=== What to produce ===
Exact copies of all the lines below are needed, without the pictures.

____________

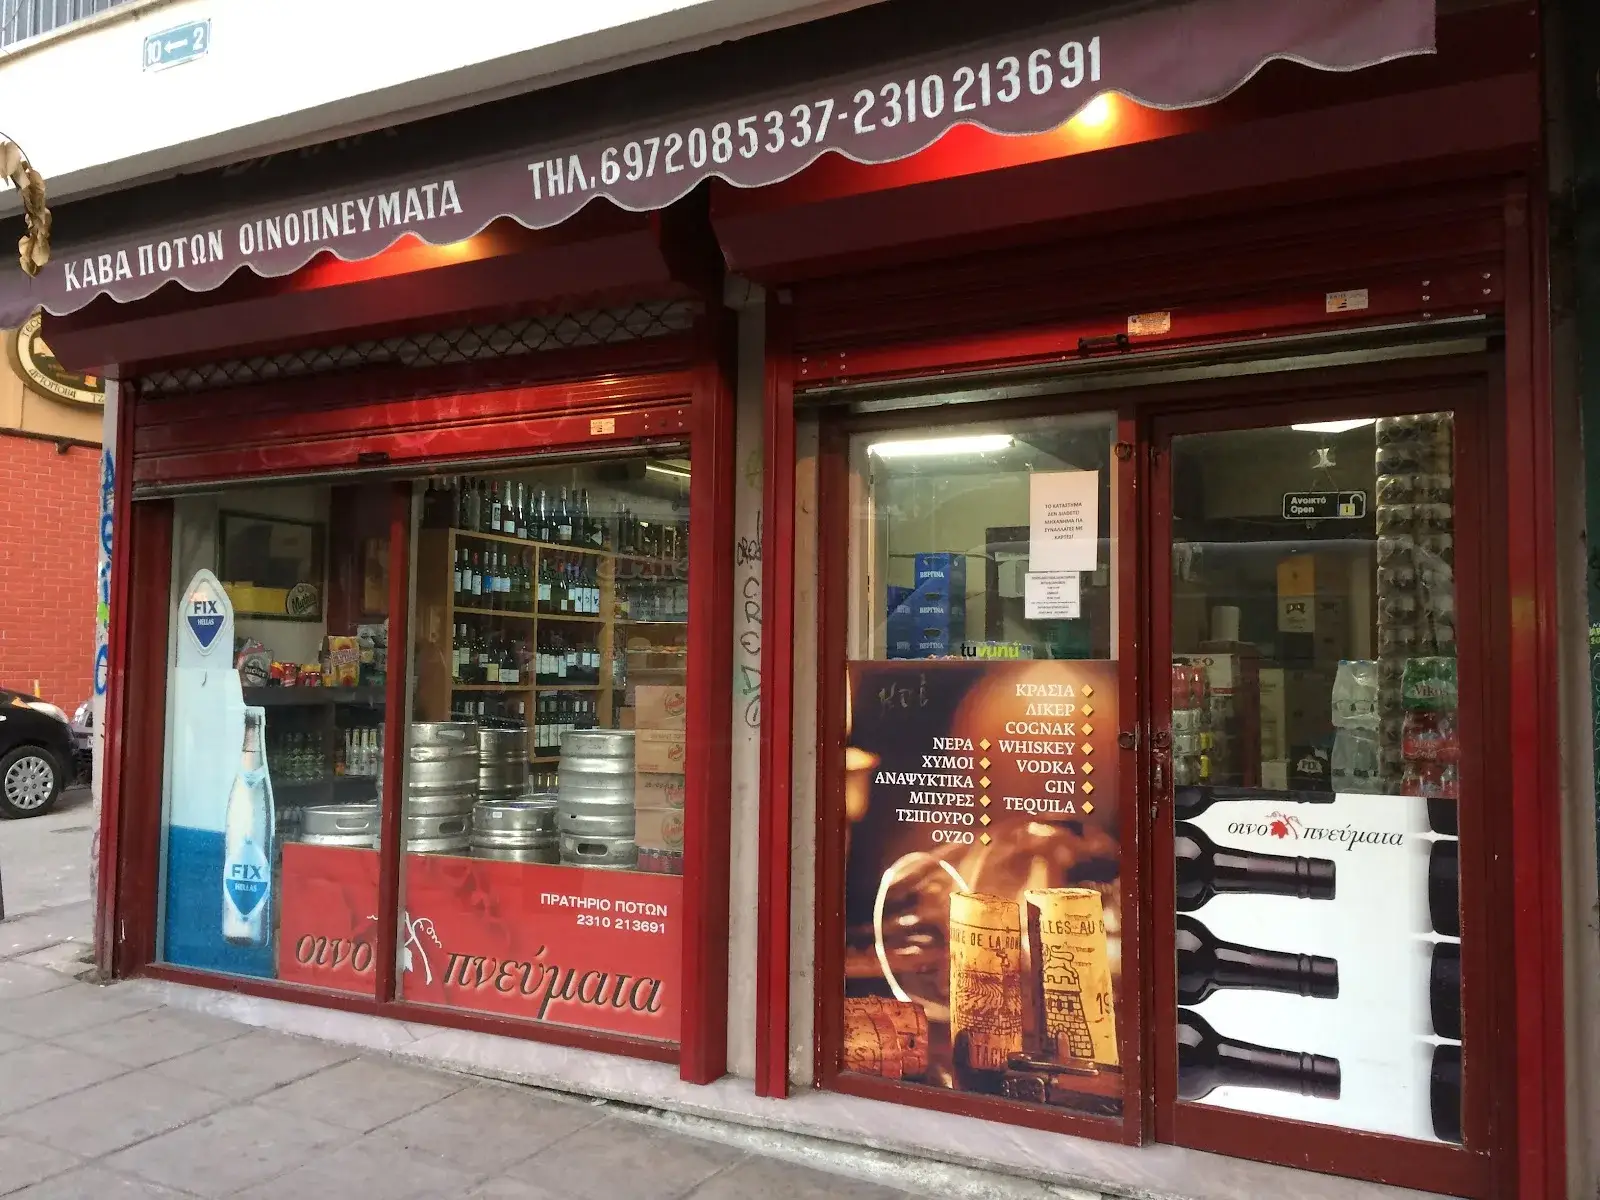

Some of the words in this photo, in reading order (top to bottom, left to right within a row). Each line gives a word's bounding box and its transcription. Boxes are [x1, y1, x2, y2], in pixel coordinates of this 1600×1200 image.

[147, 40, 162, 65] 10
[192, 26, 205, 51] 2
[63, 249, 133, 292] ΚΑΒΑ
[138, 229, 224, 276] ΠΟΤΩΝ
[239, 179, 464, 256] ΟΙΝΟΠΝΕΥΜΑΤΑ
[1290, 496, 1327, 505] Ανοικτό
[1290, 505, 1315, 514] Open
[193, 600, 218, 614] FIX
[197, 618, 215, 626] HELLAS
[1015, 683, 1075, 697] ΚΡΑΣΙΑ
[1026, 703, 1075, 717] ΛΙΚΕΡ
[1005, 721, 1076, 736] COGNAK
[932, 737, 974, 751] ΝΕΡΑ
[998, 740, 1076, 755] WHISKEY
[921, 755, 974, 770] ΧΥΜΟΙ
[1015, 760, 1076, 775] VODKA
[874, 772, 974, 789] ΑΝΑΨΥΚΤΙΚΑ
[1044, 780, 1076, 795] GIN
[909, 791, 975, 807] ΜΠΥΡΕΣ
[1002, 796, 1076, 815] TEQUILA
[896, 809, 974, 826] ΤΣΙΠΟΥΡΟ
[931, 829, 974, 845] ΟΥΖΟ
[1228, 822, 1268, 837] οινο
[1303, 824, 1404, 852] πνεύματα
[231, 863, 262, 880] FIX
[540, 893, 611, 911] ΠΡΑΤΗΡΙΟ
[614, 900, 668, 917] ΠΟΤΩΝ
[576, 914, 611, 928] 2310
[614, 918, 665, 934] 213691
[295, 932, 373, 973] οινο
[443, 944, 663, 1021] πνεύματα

____________

=== Answer area ===
Some of the words in this photo, in reading order (top to bottom, left to right within a row). Each line gives a word's bounding box and its transcription. Boxes are [x1, y1, x2, y2], in pixel coordinates of this 1600×1200 image.

[147, 40, 162, 65] 10
[192, 26, 205, 51] 2
[63, 249, 133, 292] ΚΑΒΑ
[138, 229, 224, 276] ΠΟΤΩΝ
[239, 179, 464, 256] ΟΙΝΟΠΝΕΥΜΑΤΑ
[1290, 496, 1327, 505] Ανοικτό
[1290, 505, 1315, 514] Open
[193, 600, 218, 614] FIX
[197, 618, 215, 626] HELLAS
[1015, 683, 1075, 697] ΚΡΑΣΙΑ
[1026, 703, 1075, 717] ΛΙΚΕΡ
[1005, 721, 1076, 736] COGNAK
[932, 737, 974, 751] ΝΕΡΑ
[998, 740, 1076, 755] WHISKEY
[921, 755, 974, 770] ΧΥΜΟΙ
[1015, 760, 1076, 775] VODKA
[874, 772, 974, 789] ΑΝΑΨΥΚΤΙΚΑ
[1044, 780, 1076, 795] GIN
[909, 791, 975, 807] ΜΠΥΡΕΣ
[1002, 796, 1076, 815] TEQUILA
[896, 809, 974, 826] ΤΣΙΠΟΥΡΟ
[931, 829, 974, 845] ΟΥΖΟ
[1228, 822, 1268, 837] οινο
[1303, 824, 1404, 852] πνεύματα
[231, 863, 262, 880] FIX
[540, 893, 611, 911] ΠΡΑΤΗΡΙΟ
[614, 900, 668, 917] ΠΟΤΩΝ
[576, 914, 611, 928] 2310
[614, 918, 665, 934] 213691
[295, 932, 373, 973] οινο
[443, 944, 663, 1021] πνεύματα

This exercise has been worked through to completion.